### Vectorisation Techniques: CountVectorizer, BoW, and TF-IDF

In this exercise we will explore the fundamental techniques used to convert raw, unstructured text into a numerical format that machine learning models can process. This process is known as vectorisation or feature extraction. We will implement the Bag of Words (BoW) model using CountVectorizer and extend this concept to Term Frequency-Inverse Document Frequency (TF-IDF) using TfidfVectorizer. We will compare these two methods to illustrate how TF-IDF weighting prioritizes important, domain-specific words over common terms.

#### What we will discuss in this notebook

- **The Bag of Words (BoW) Concept**: Manual illustration of word counting.

- **CountVectorizer Implementation (BoW)**: Creating a document-term matrix.

- **TfidfVectorizer Implementation (TF-IDF)**: Assigning importance weights.

- **Comparative Analysis**: Contrasting BoW counts with TF-IDF scores.
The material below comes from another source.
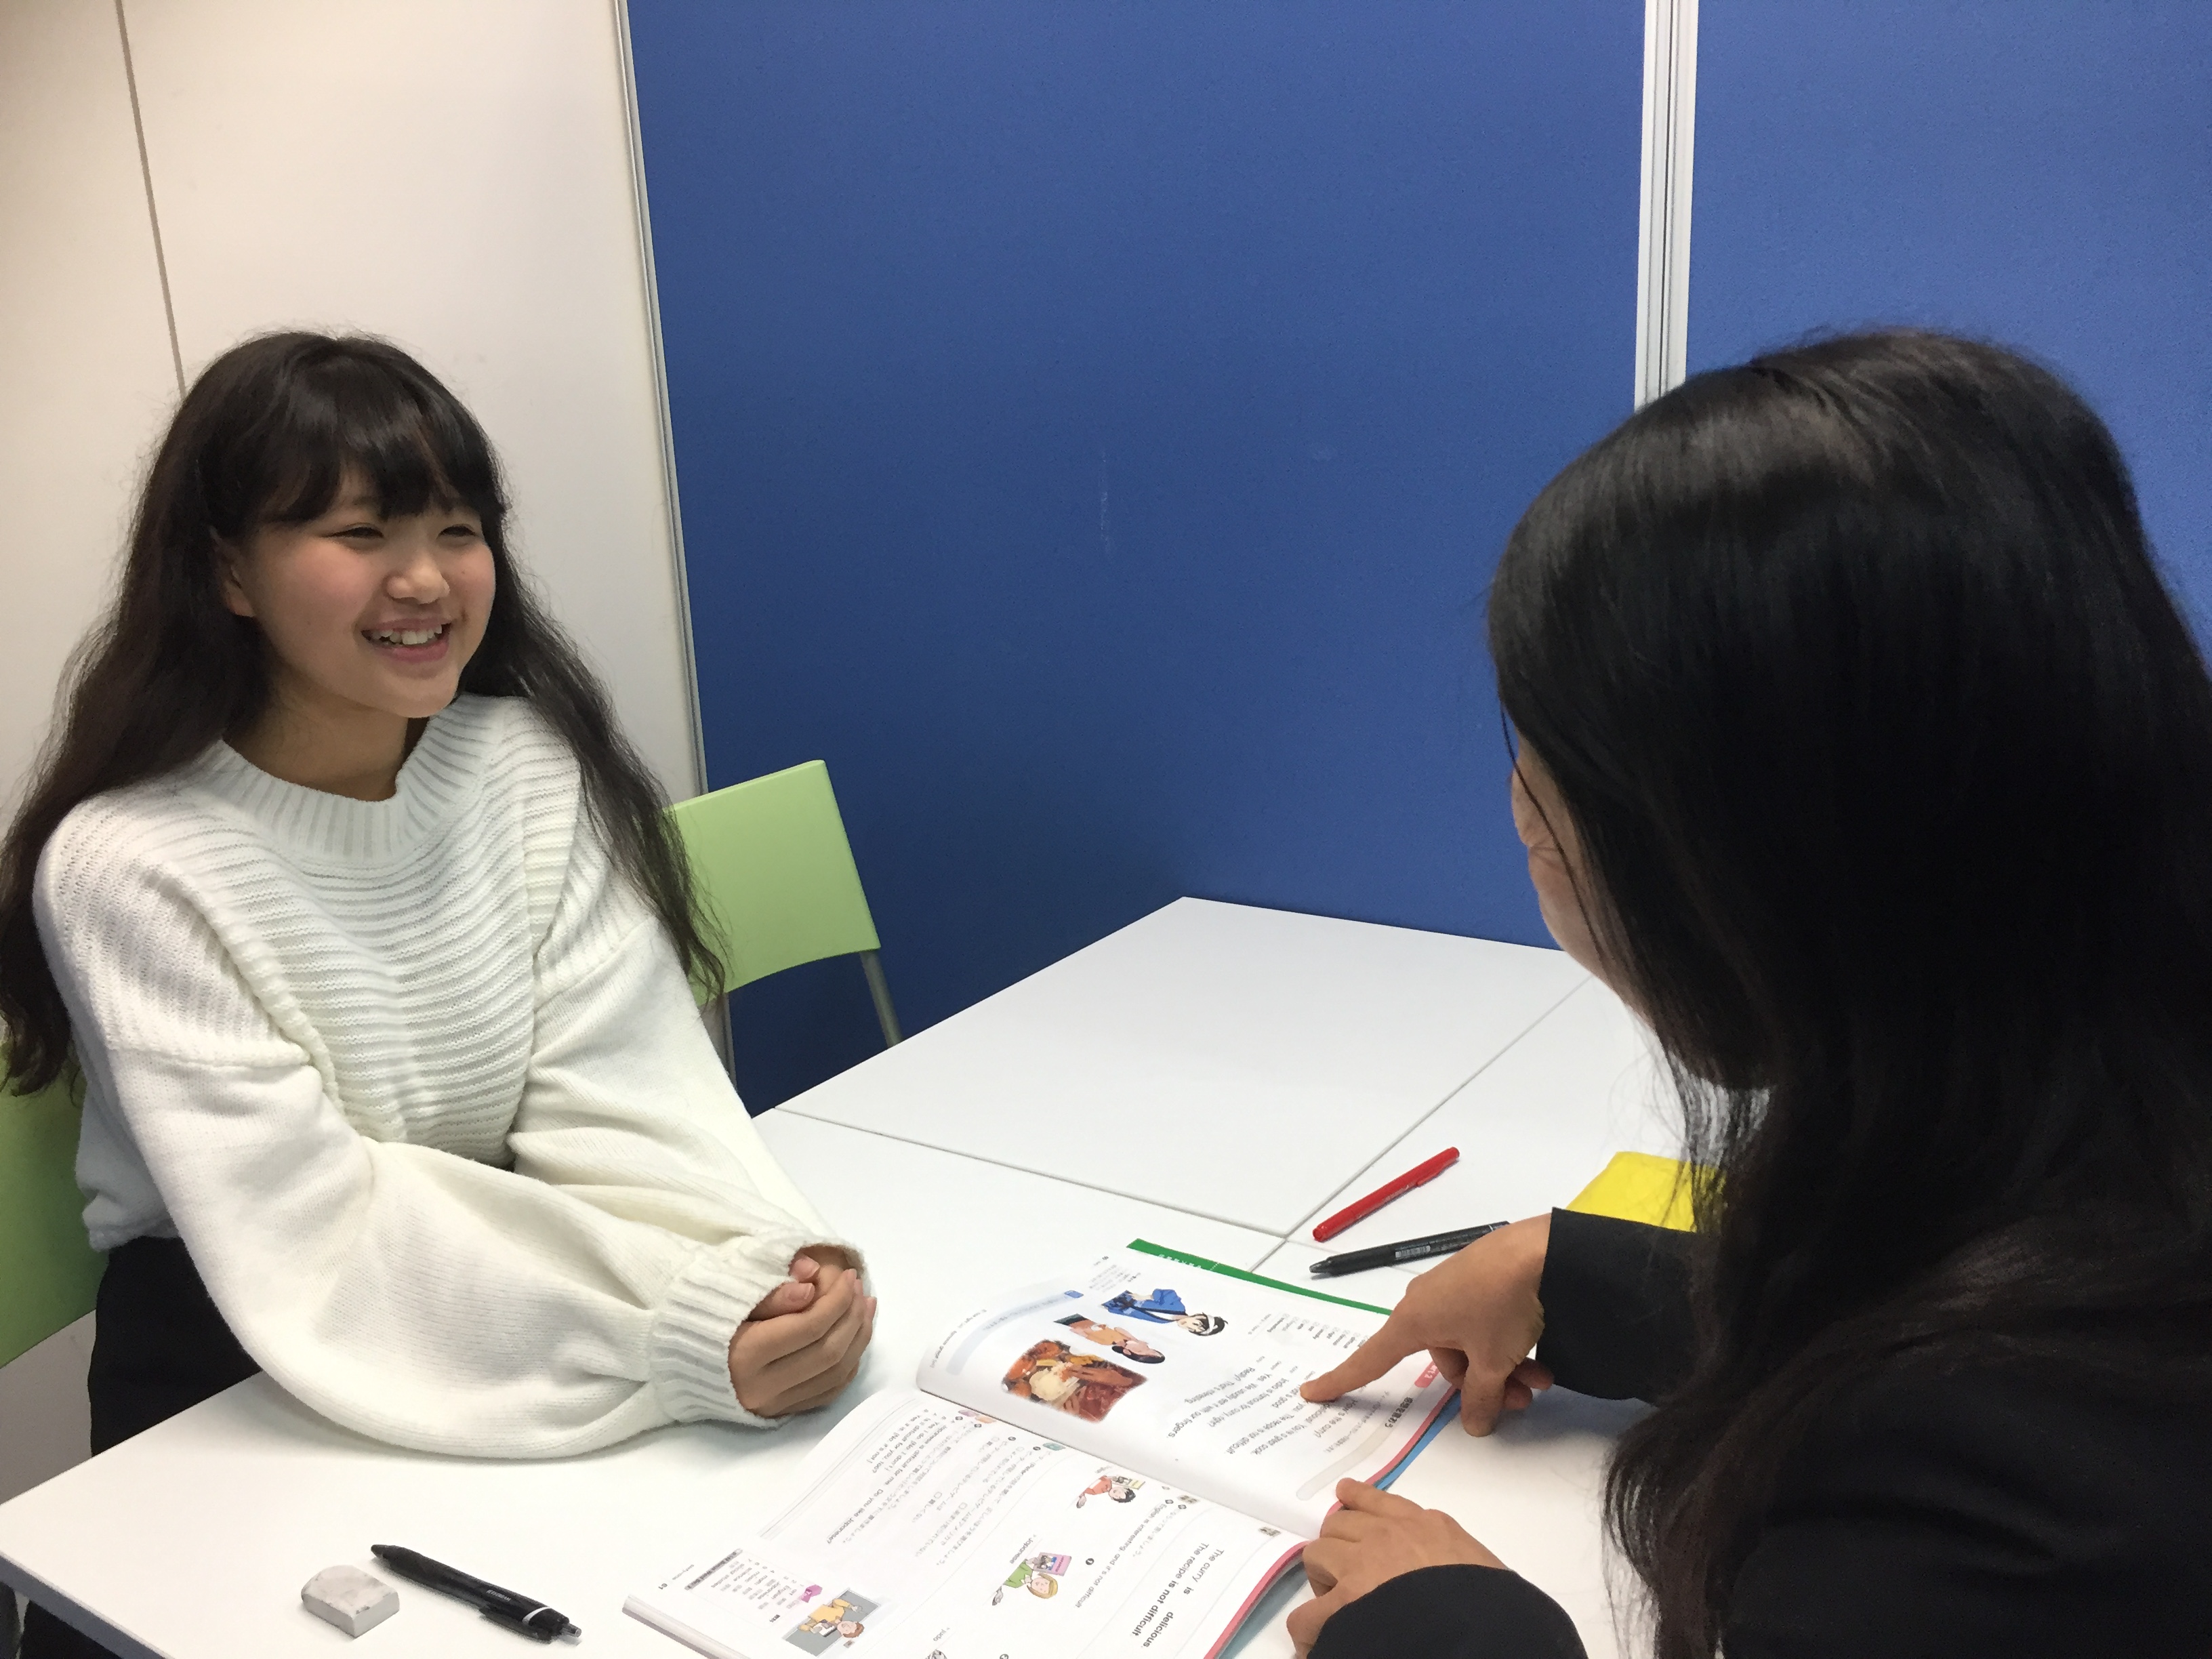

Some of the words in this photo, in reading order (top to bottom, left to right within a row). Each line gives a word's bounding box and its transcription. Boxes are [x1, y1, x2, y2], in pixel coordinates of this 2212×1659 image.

#### What we will learn from this exercise:

- **Vectorization** is essential for all text-based machine learning.

- The **Bag of Words (BoW)** model represents text as the frequency of words, ignoring grammar and word order.

- **CountVectorizer** efficiently implements the BoW model, creating a Document-Term Matrix.

- **TF-IDF** is a weighting scheme that penalizes common words (like "the") and rewards rare, distinctive words, reflecting their importance in classification tasks.

#### Now, let us get started

In [None]:
import pandas as pd
import sklearn
from sklearn.feature_extraction.text import CountVectorizer
from sklearn.feature_extraction.text import TfidfVectorizer
import numpy as np

print(f"scikit-learn Version: {sklearn.__version__}")
print(f"Pandas Version: {pd.__version__}")

# Sample Corpus (Document collection)
CORPUS = [
    "The sun is shining brightly today.",
    "The car is a fast car and the sun is hot.",
    "A sunny day and a hot sun make me happy.",
    "I drive a fast car on a sunny road."
]

print("\n--- Sample Corpus ---")
for i, doc in enumerate(CORPUS):
    print(f"Document {i+1}: {doc}")

scikit-learn Version: 1.7.2
Pandas Version: 2.3.3

--- Sample Corpus ---
Document 1: The sun is shining brightly today.
Document 2: The car is a fast car and the sun is hot.
Document 3: A sunny day and a hot sun make me happy.
Document 4: I drive a fast car on a sunny road.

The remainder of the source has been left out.